---------- GIVEN DATA

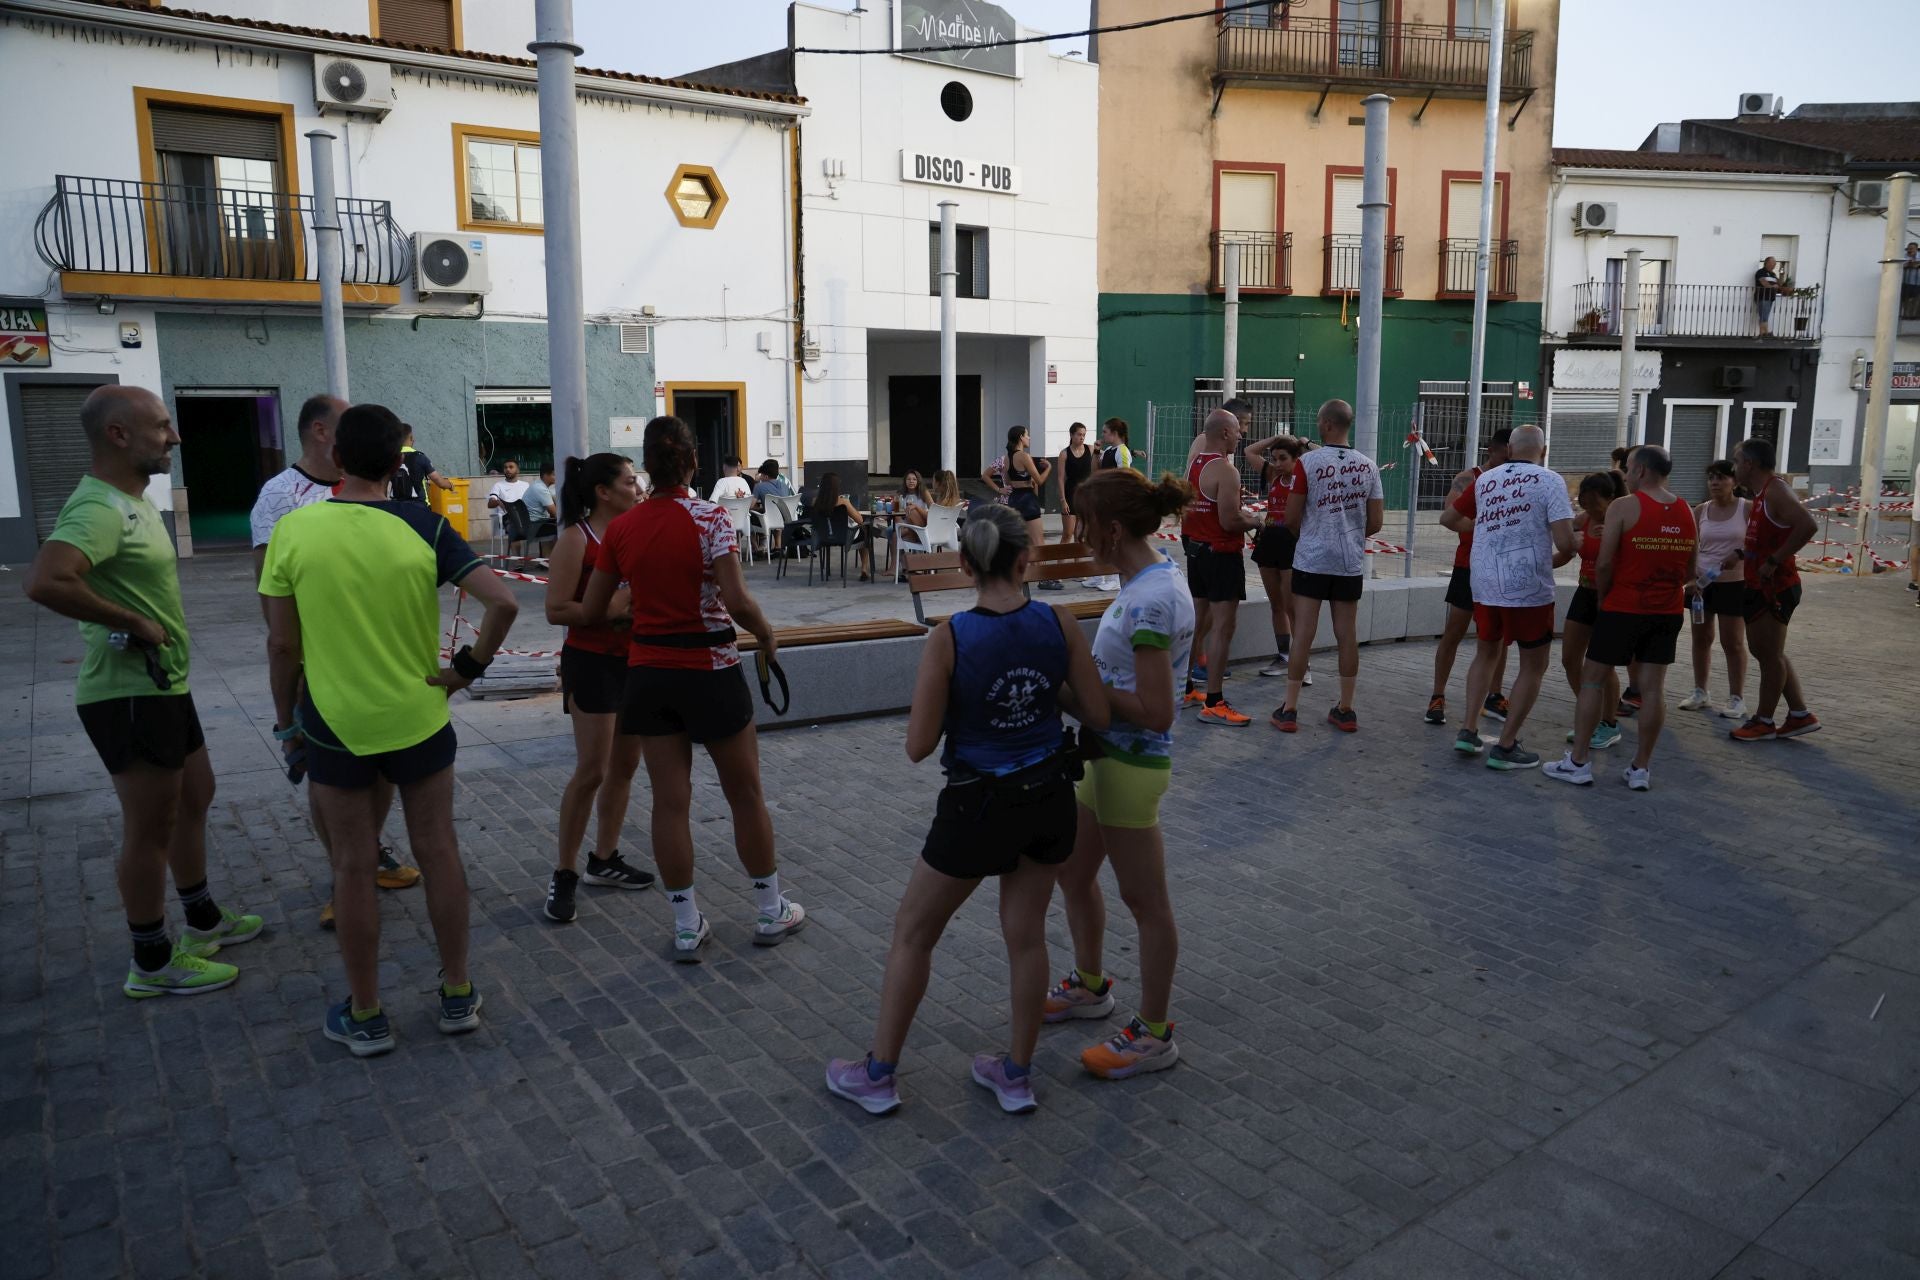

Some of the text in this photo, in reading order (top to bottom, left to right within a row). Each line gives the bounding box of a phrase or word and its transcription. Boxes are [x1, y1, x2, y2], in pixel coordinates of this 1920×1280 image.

[915, 154, 964, 183] DISCO
[981, 164, 1012, 190] PUB
[1316, 461, 1371, 481] 20 años
[1327, 474, 1364, 491] con el
[1480, 473, 1540, 497] 20 años
[1486, 486, 1525, 507] con el
[1661, 525, 1681, 534] PACO
[1635, 543, 1660, 551] CIUDAD
[985, 677, 1006, 701] CLUB
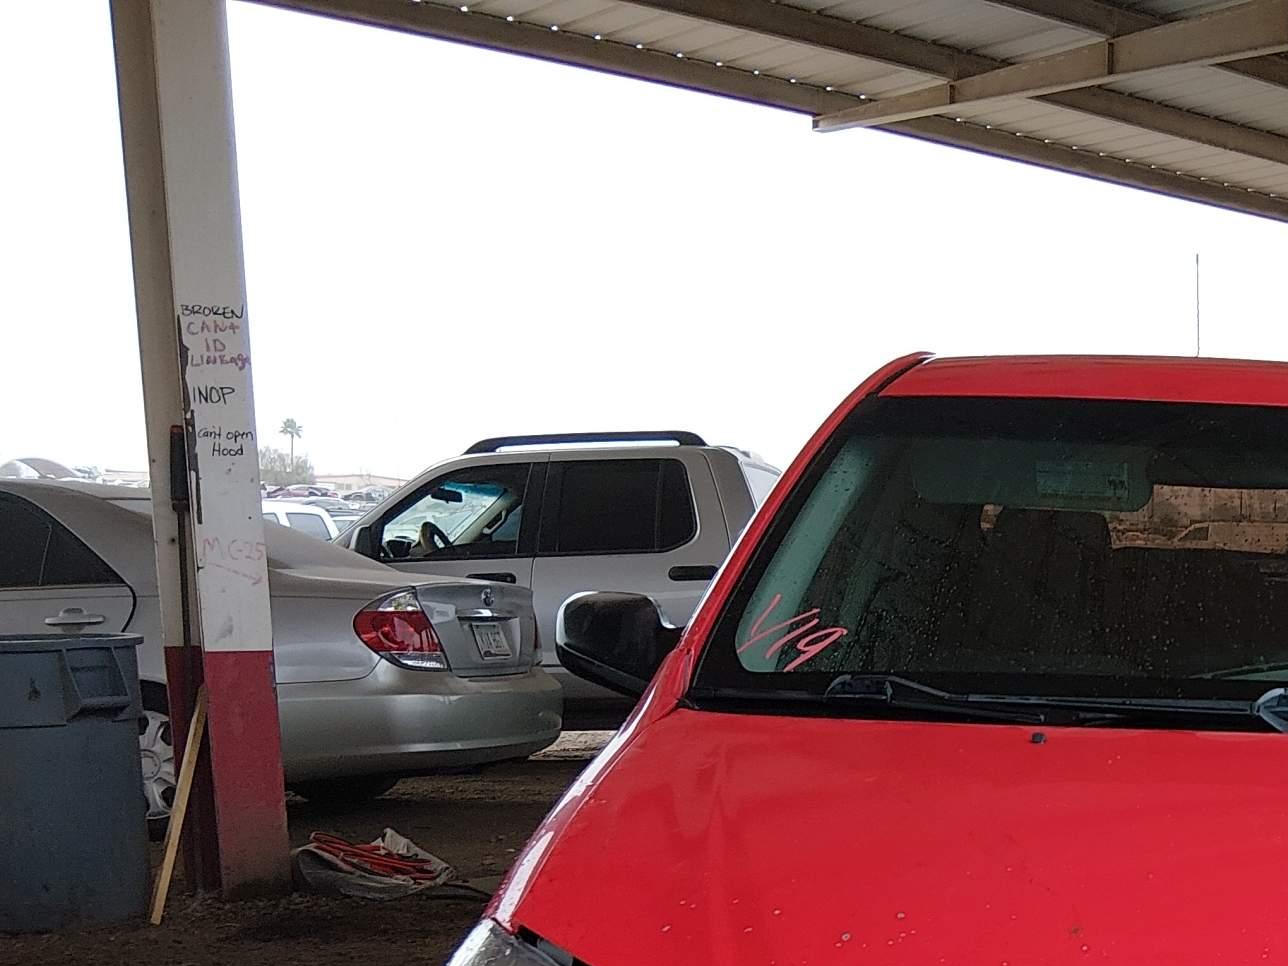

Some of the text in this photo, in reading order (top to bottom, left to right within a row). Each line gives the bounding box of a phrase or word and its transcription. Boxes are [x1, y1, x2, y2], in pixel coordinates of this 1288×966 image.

--------------------

• WORK INSTRUCTION
Output the whole of the data, unchanged; keep the pictures out.

• ANSWER TO THIS PROBLEM
Some of the text in this photo, in reading order (top to bottom, left to right within a row). Each line gives the bounding box of a phrase or word and its transcription. Boxes are [x1, y1, x2, y2], in pixel coordinates of this 1920×1280 image.

[915, 154, 964, 183] DISCO
[981, 164, 1012, 190] PUB
[1316, 461, 1371, 481] 20 años
[1327, 474, 1364, 491] con el
[1480, 473, 1540, 497] 20 años
[1486, 486, 1525, 507] con el
[1661, 525, 1681, 534] PACO
[1635, 543, 1660, 551] CIUDAD
[985, 677, 1006, 701] CLUB

Some of the text in this photo, in reading order (top to bottom, left to right within a row). Each line gives the bounding box of a phrase or word and its transcription. Boxes are [x1, y1, x2, y2], in pixel coordinates of this 1288×966 image.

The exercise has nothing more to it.